We have developed an in vivo immobilization strategy for systemic delivery of reporters to visualize the molecular targets in the extracellular microenvironment. Collagens were chosen as the base for immobilization because of their abundance in the extracellular matrix and the extremely small amount of reporters introduced (typically tens of pmol) should have minimal interference on their normal physiological function. The reporters immobilized on collagens are ubiquitously distributed in the body and retained for a long period of time. Importantly, the binding of the reporters to collagens will prevent them from being internalized into cells, and retain them extracellularly for long-term imaging. The protease-activatable reporters on collagens are well exposed and fully functional in the extracellular microenvironment of tumors and in the cutaneous inflammation site. The immobilization strategy offers an attractive solution to characterizing the extracellular microenvironment in vivo because it can provide local information on specific targets in the microenvironment, and also allows global mapping of the target activity in the whole body for comparison.
The MMP activity is usually analyzed in the tissue samples. However, the in vitro
analysis is hard to assess the exact MMP activity under in vivo
conditions due to tight regulation of the enzyme activity by the endogenous effectors such as tissue inhibitors of metalloproteinases (TIMPs).39,40
The variations on tissue sample preparation also limit accurately assessment of the enzyme activity in the different tissues.
A number of activatable probes have been previously reported for in vivo
imaging of enzyme activity in tumors.23–25
These probes preferentially accumulate at the tumor sites by taking advantage of the leaky tumor vasculature through the EPR effect. A potential problem of this type of probes is that they can also be activated by the enzyme present in other regions besides the tumor site, and the activated products may eventually translocate and accumulate in tumors, also through the EPR effect, as reported in a recent study.40
These issues make it difficult to reliably quantify the enzyme activity in tumors with the EPR based activatable probes. Furthermore, these probes will not be useful for studying other disease models where the EPR effect does not exist. Neither of these issues is a limiting factor for the collagen-based reporter immobilization strategy.
We observed slow activation of MMP reporters in the xenografted HT1080 tumor (). The zymogram of the tumor lysate, however, showed that over 50% of MMP-2 was in the active form (Supplementary Fig. 5
). Since the MMP activity is regulated by both the expression control and TIMP inhibition, it is thus likely that most of active MMP-2 in the tumor microenvironment was inhibited by TIMPs. For example, TIMP-1 inhibits MMP-mediated degradation of extracellular matrix,41
and can also stimulate cell growth 42
and inhibit apoptosis43
. In accompanying with the increased MMP expression in HT1080 cells, there may be a local increase in the TIMPs expressed from tumor or neighboring stroma cells to maintain the balance between the tumor growth and matrix degradation. This argument is consistent with the dual roles TIMPs play in the modulation of MMP activity: they are necessary to assist activation of pro-MMPs, but also inhibit the MMP activity.44
In the inflammation model, a burst of MMP-9 activation in the inflammation model was observed shortly after the injection of the reporters (). On the other hand, the zymogram of the tissue lysates showed that the proportion of active MMPs was much lower than that in the tumor (). It is thus likely that the MMP activity regulation in the inflammation site may be different from the tumor, and that there may not be an increased TIMPs expression. In light of the dual role of TIMPs in the modulation of MMP activity,44
like MMP-2, pro-MMP9 may similarly require TIMPs for its activation.

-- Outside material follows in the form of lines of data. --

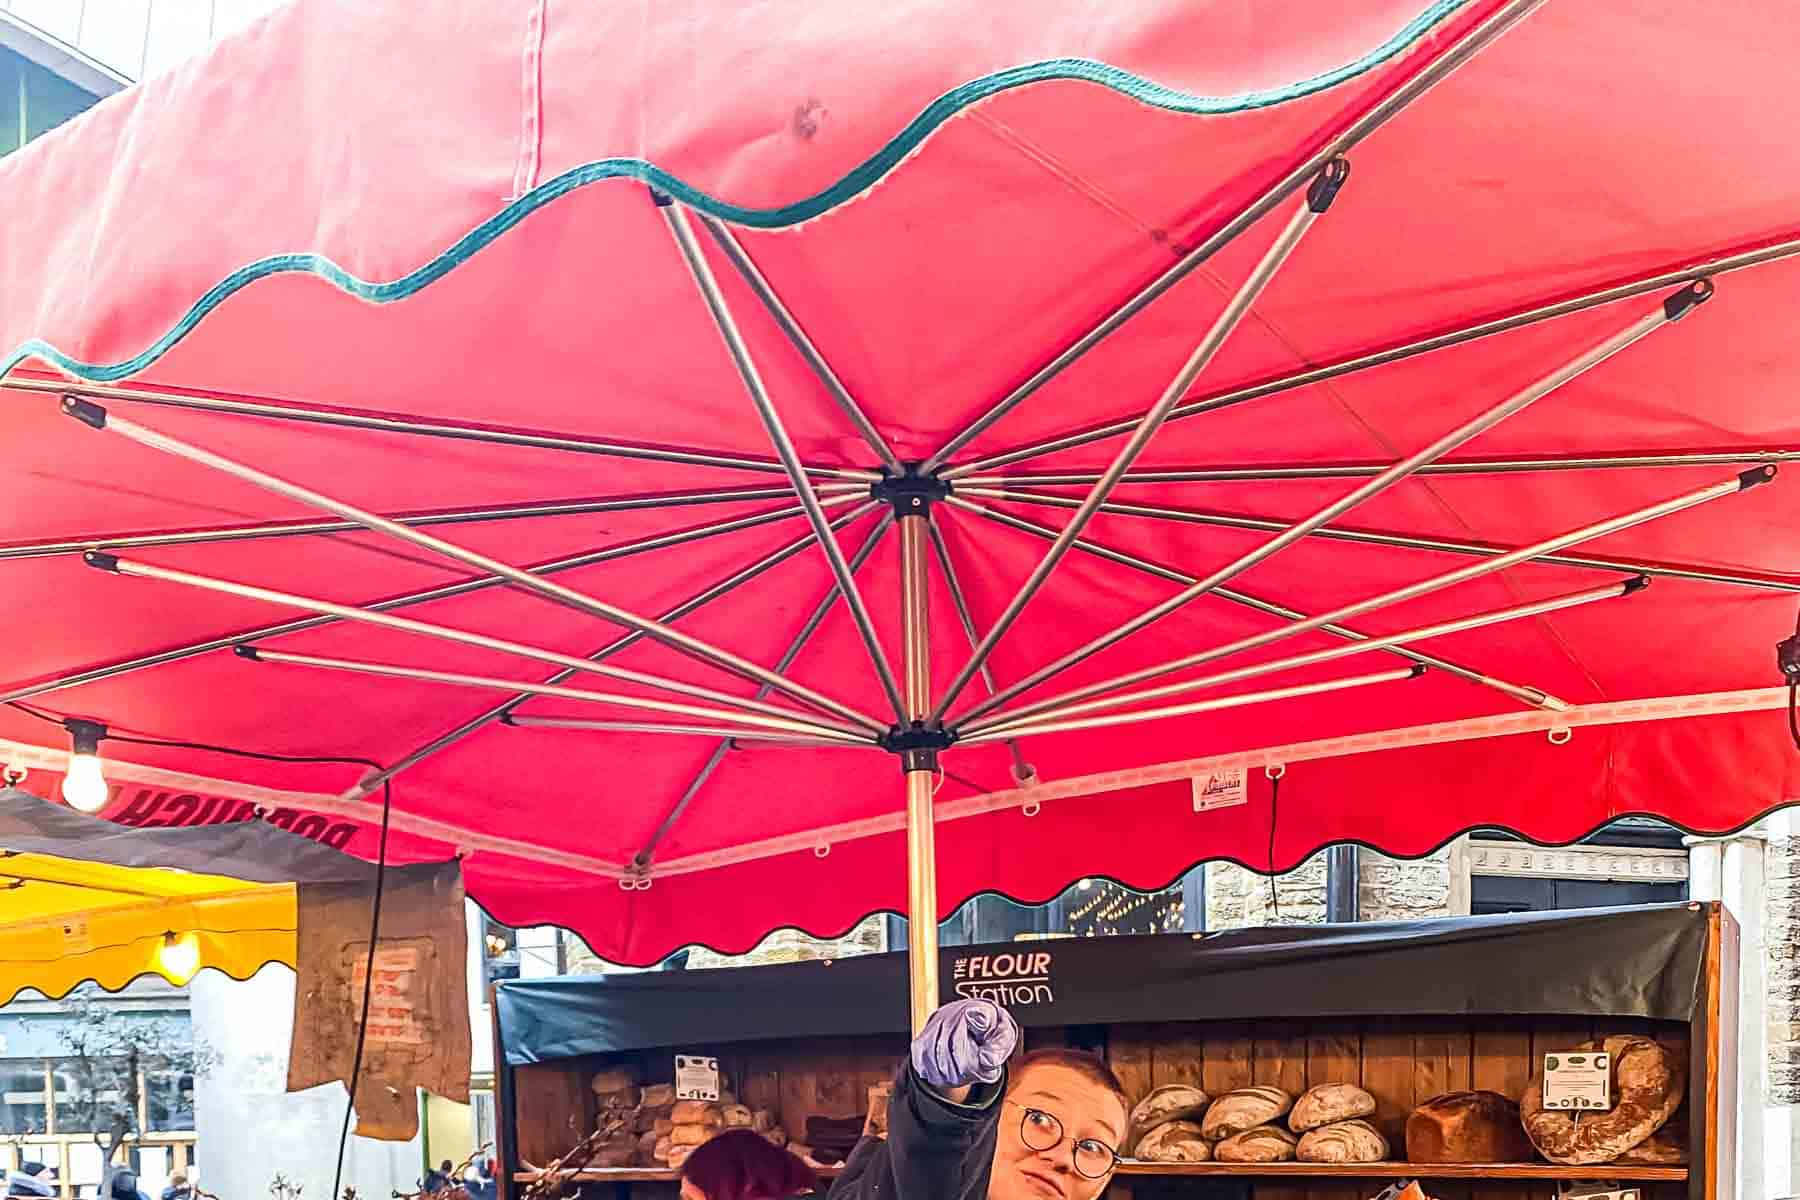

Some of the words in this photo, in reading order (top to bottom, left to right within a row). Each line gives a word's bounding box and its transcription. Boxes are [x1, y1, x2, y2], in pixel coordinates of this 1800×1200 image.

[954, 958, 968, 979] THE
[969, 953, 1051, 978] FLOUR
[955, 979, 1053, 1005] Station
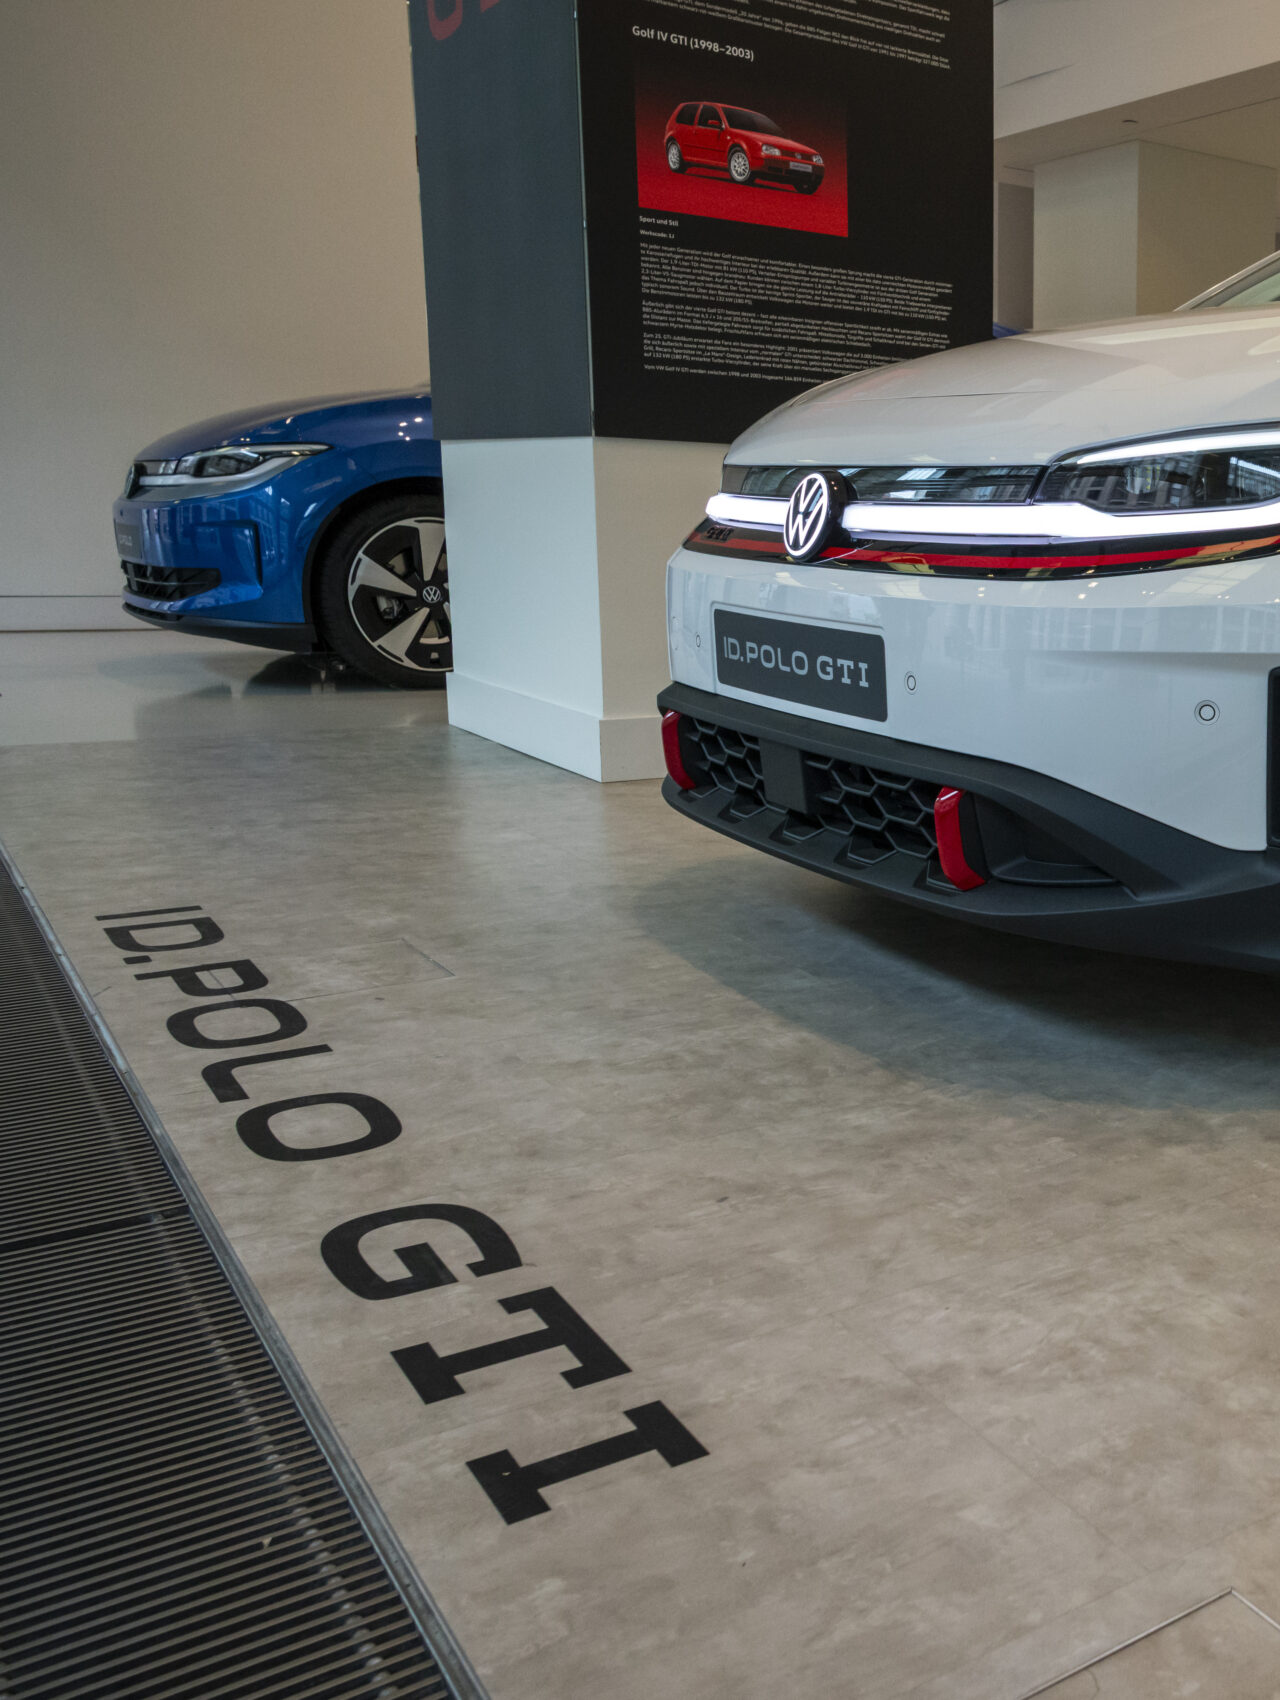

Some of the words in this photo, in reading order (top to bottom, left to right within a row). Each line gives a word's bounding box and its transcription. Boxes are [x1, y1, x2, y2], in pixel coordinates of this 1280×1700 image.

[632, 25, 655, 39] Golf
[657, 31, 668, 42] IV
[670, 33, 688, 46] GTI
[639, 215, 656, 225] Sport
[668, 219, 679, 227] Stil
[723, 636, 808, 676] ID.POLO
[816, 655, 869, 688] GTI
[95, 905, 402, 1161] ID.POLO
[320, 1203, 710, 1525] GTI
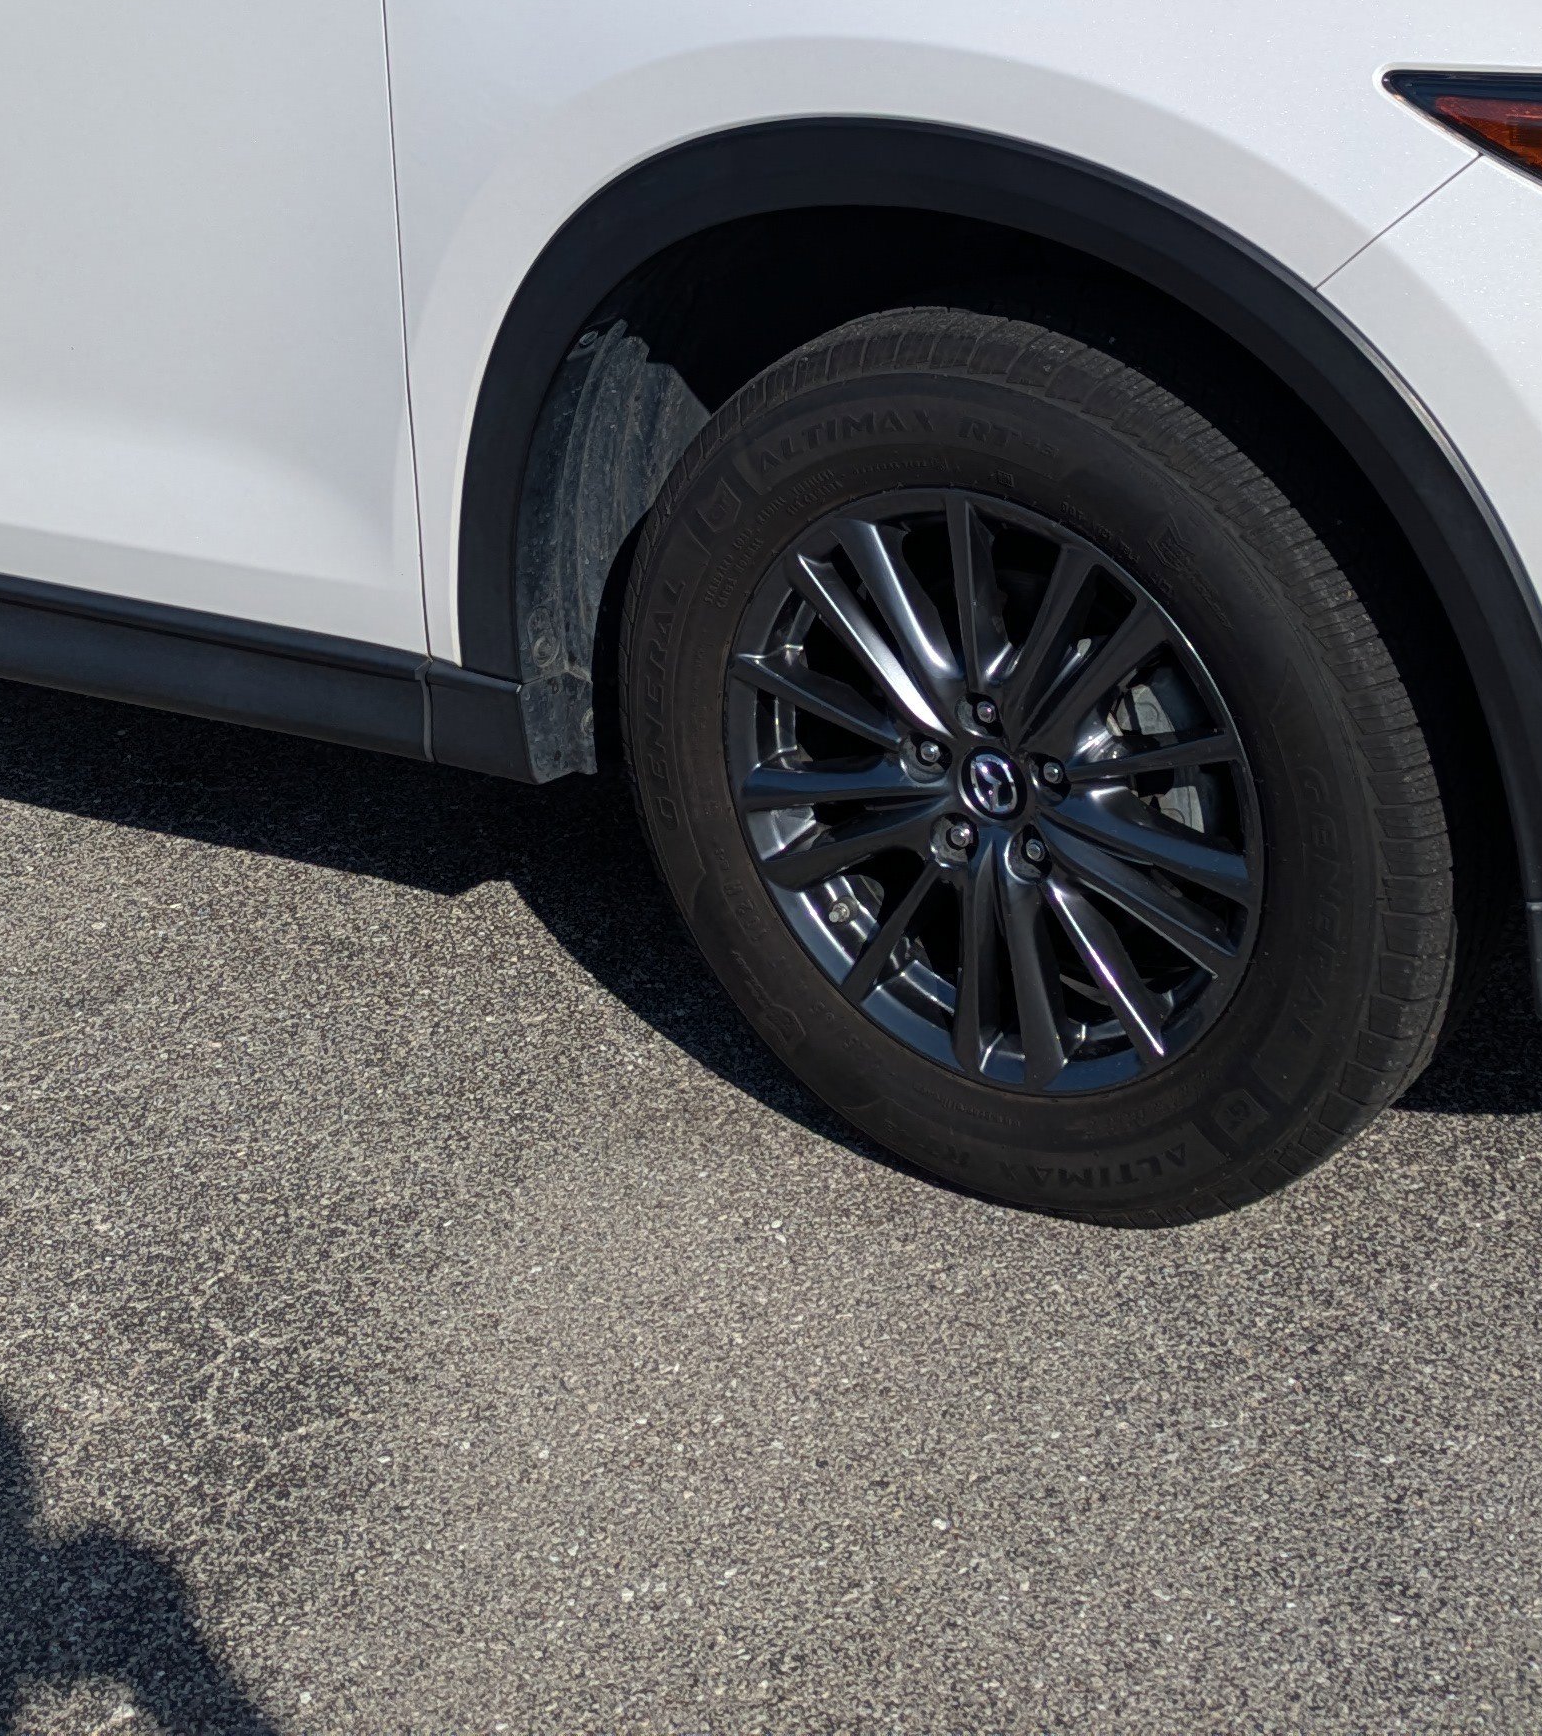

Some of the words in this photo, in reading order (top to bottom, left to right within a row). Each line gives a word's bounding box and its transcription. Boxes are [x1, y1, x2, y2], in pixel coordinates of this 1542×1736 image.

As an enzyme that catalyzes the hydrolysis of its substrates, both concentrations of the product and substrate have to be determined for quantitative imaging of the MMP activity. Previous activatable MMP probes only measure the signal from the product -- activated probe.23–25
Since the probe is often not evenly distributed after systematic introduction into the body, without prior knowledge of the amount of the probe localized at the tumor, it can result in over- or under-estimating the enzyme activity from only the activated product signal. Therefore, a second imaging modality should be introduced to provide an independent, quantitative measurement of the reporter (both activated and non-activated) concentration at all the tissues. The signal resulting from activated reporter is normalized against the total concentration determined from the PET imaging, and the normalized value thus truly reflects the MMP activity. For example, the MMP activity in the liver appeared as high as in the tumor before the normalization (), but after the normalization of the reporter concentration, the MMP activity in the liver is much lower than that in the tumor (). This result underscores the important consideration in designing and applying activatable probes for quantitative imaging enzyme activity in vivo
In summary, we have imaged the enzymatic activity of gelatinases in the extracellular microenvironment with immobilized activatable reporters, and demonstrated its general applicability for in vivo imaging extracellular microenvironment in two disease models. Reporters for sensing other molecular targets and events of interest may be similarly immobilized for the microenvironment imaging. The fact that many growth factors are present at very low concentrations in the microenvironment may also require activatable reporters with a mechanism of signal amplification for sensitive detection. We anticipate that the reporter immobilization will be a general strategy for long-term serial real-time imaging of biological targets in the microenvironment at the molecular level.